I'd be holding him personally responsible and coming back round to play baseball with his legs. It stopped immediately.

 

53 minutes ago, Izzy Muzzett said:

 The Dad of the kid who is bullying my daughter is 6’ 5”, 18 stone and head of a security firm. Not sure that tactic will work for me...

 

Surely you can reach his legs Muzzett ?? ...   :)

Posted
4 hours ago, foxfanazer said:

Have any of you had experience of your children being bullied at their schools? If so do you have any good advice on how to tackle it, aside from kidnap and torture lol (joking)

 

 

I’m asking for a friend but the subject terrifies me as I have a 3 year old daughter and I don’t know how I’d cope if it was happening to her. The school have been useless up to now until one of the kids told her to go kill herself so the police are now involved.
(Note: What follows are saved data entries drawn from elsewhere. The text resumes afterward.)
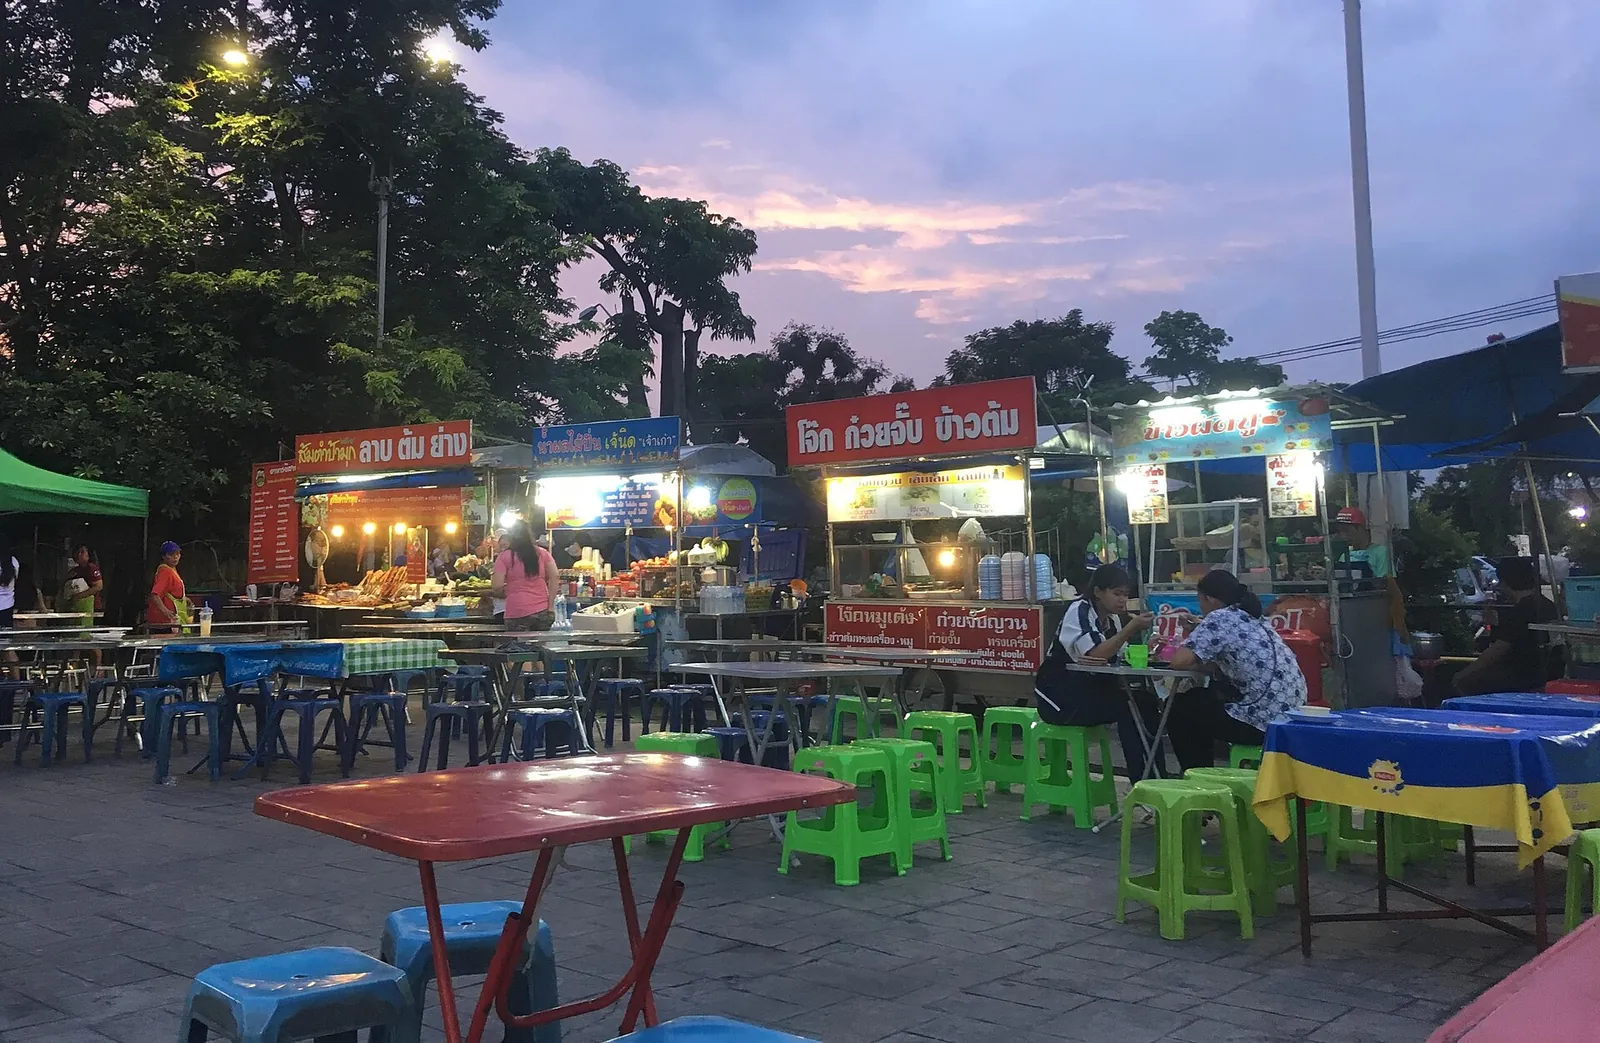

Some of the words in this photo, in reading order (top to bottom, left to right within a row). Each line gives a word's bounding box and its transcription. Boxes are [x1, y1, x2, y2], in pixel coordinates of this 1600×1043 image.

[537, 426, 602, 455] น้ำผลไม้ปั่น
[797, 418, 834, 454] โจ๊ก
[845, 402, 924, 450] ก๋วยจั๊บ
[934, 400, 1020, 442] ข้าวต้ม
[359, 438, 393, 464] ลาบ
[397, 428, 425, 460] ต้ม
[430, 426, 467, 458] ย่าง
[987, 631, 1037, 648] ทรงเครื่อง
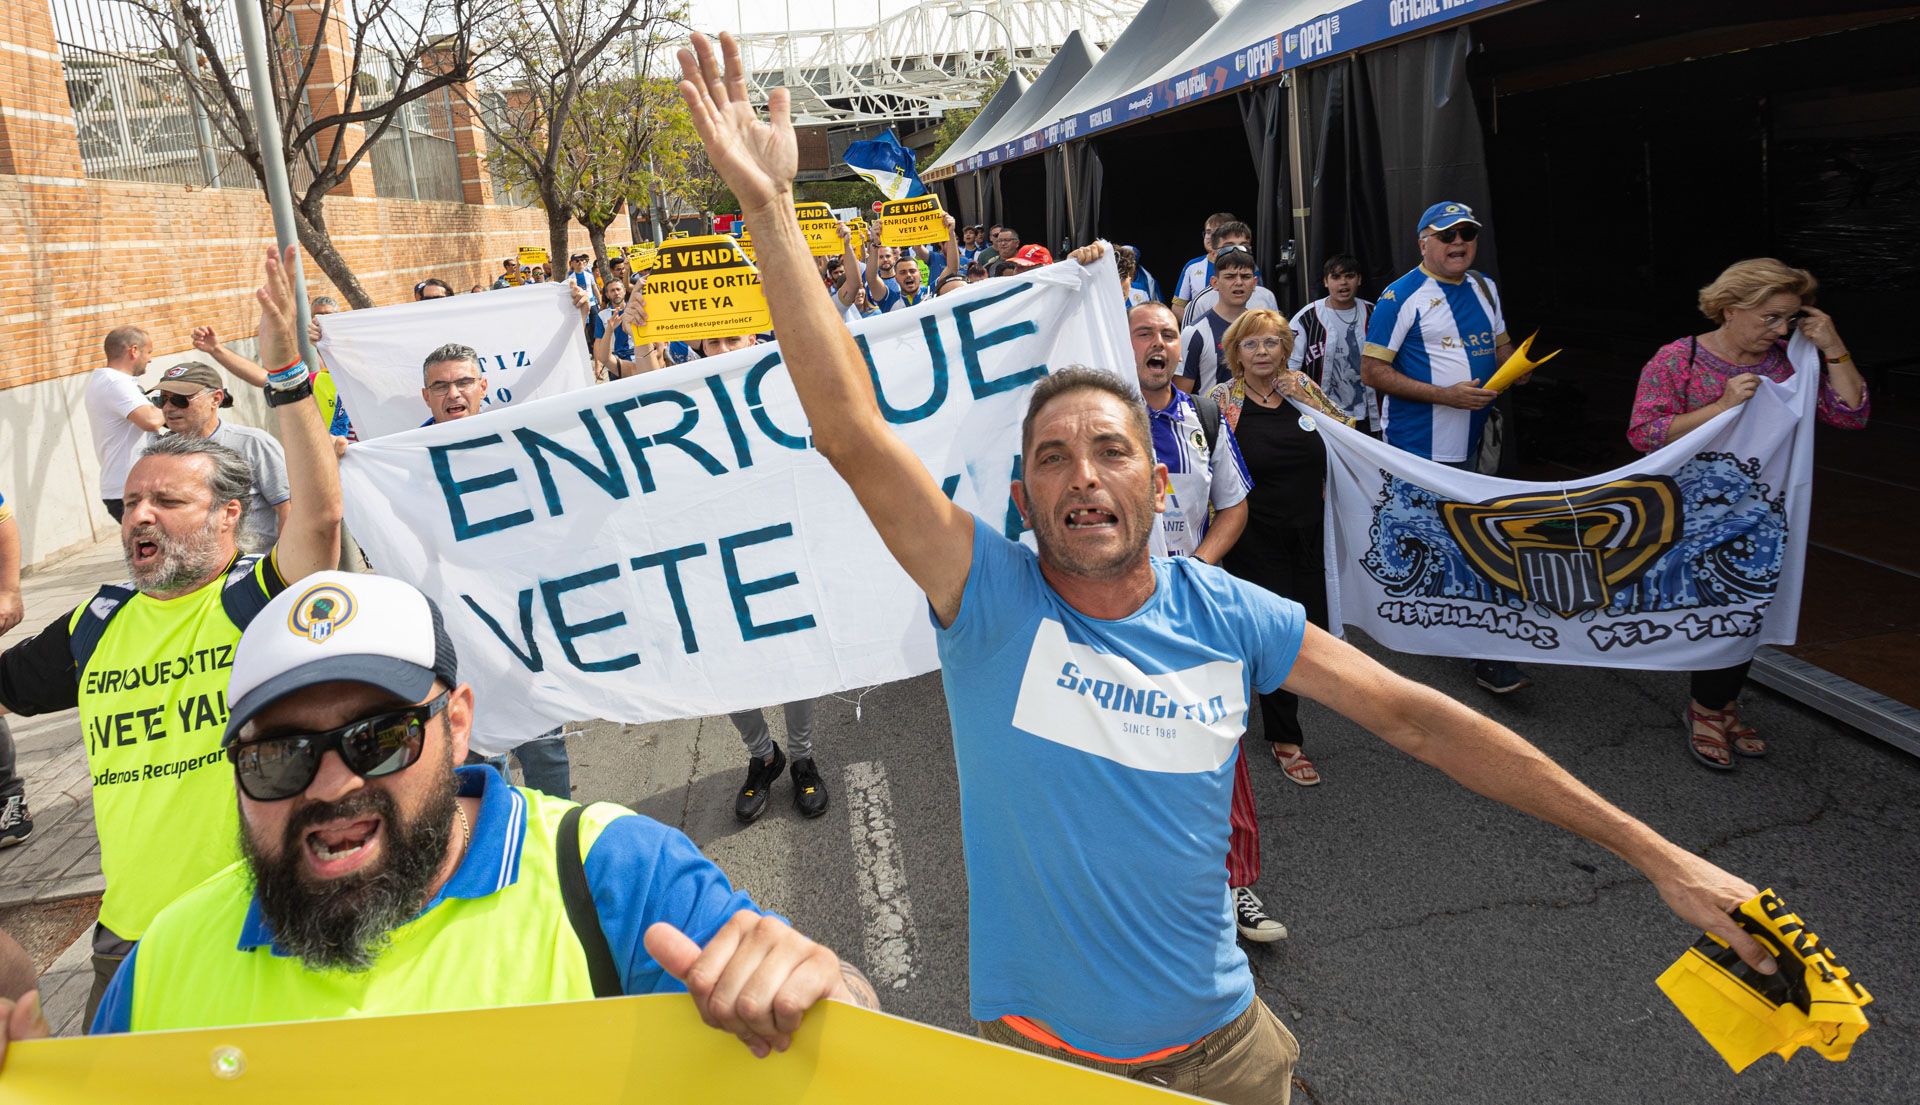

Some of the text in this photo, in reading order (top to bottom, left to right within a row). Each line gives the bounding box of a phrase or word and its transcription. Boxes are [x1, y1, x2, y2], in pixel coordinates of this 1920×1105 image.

[1300, 18, 1332, 60] OPEN
[1246, 41, 1273, 78] OPEN
[883, 212, 942, 226] ENRIQUE ORTIZ
[889, 201, 934, 215] SE VENDE
[811, 222, 837, 231] ORTIZ
[898, 224, 929, 235] VETE YA
[652, 253, 673, 270] SE
[676, 247, 743, 268] VENDE
[641, 273, 761, 296] ENRIQUE ORTIZ
[669, 295, 734, 313] VETE YA
[656, 316, 753, 331] #PodemosRecuperarloHCF
[1523, 551, 1598, 613] HDT
[461, 522, 817, 673] VETE
[1587, 613, 1673, 652] DEL
[86, 644, 233, 695] ENRIQUE ORTIZ
[178, 690, 227, 734] YA!
[1122, 722, 1151, 736] SINCE
She’s also not eating because they’ve called her fat despite her being the skinniest girl I’ve ever seen

 

 

Seriously, say to the kids parents who's bullying your friends kids. Tell them to stop or I bully you.

 

Simple solution. 

Posted
4 hours ago, foxfanazer said:

Have any of you had experience of your children being bullied at their schools? If so do you have any good advice on how to tackle it, aside from kidnap and torture lol (joking)

 

 

I’m asking for a friend but the subject terrifies me as I have a 3 year old daughter and I don’t know how I’d cope if it was happening to her. The school have been useless up to now until one of the kids told her to go kill herself so the police are now involved. She’s also not eating because they’ve called her fat despite her being the skinniest girl I’ve ever seen

 

 

Schools should have zero tolerance on bullying ...    you really must get them to sort it out ...   get angry and demand action !! 

 

...  and if all else fails ...  call in the Bucester !!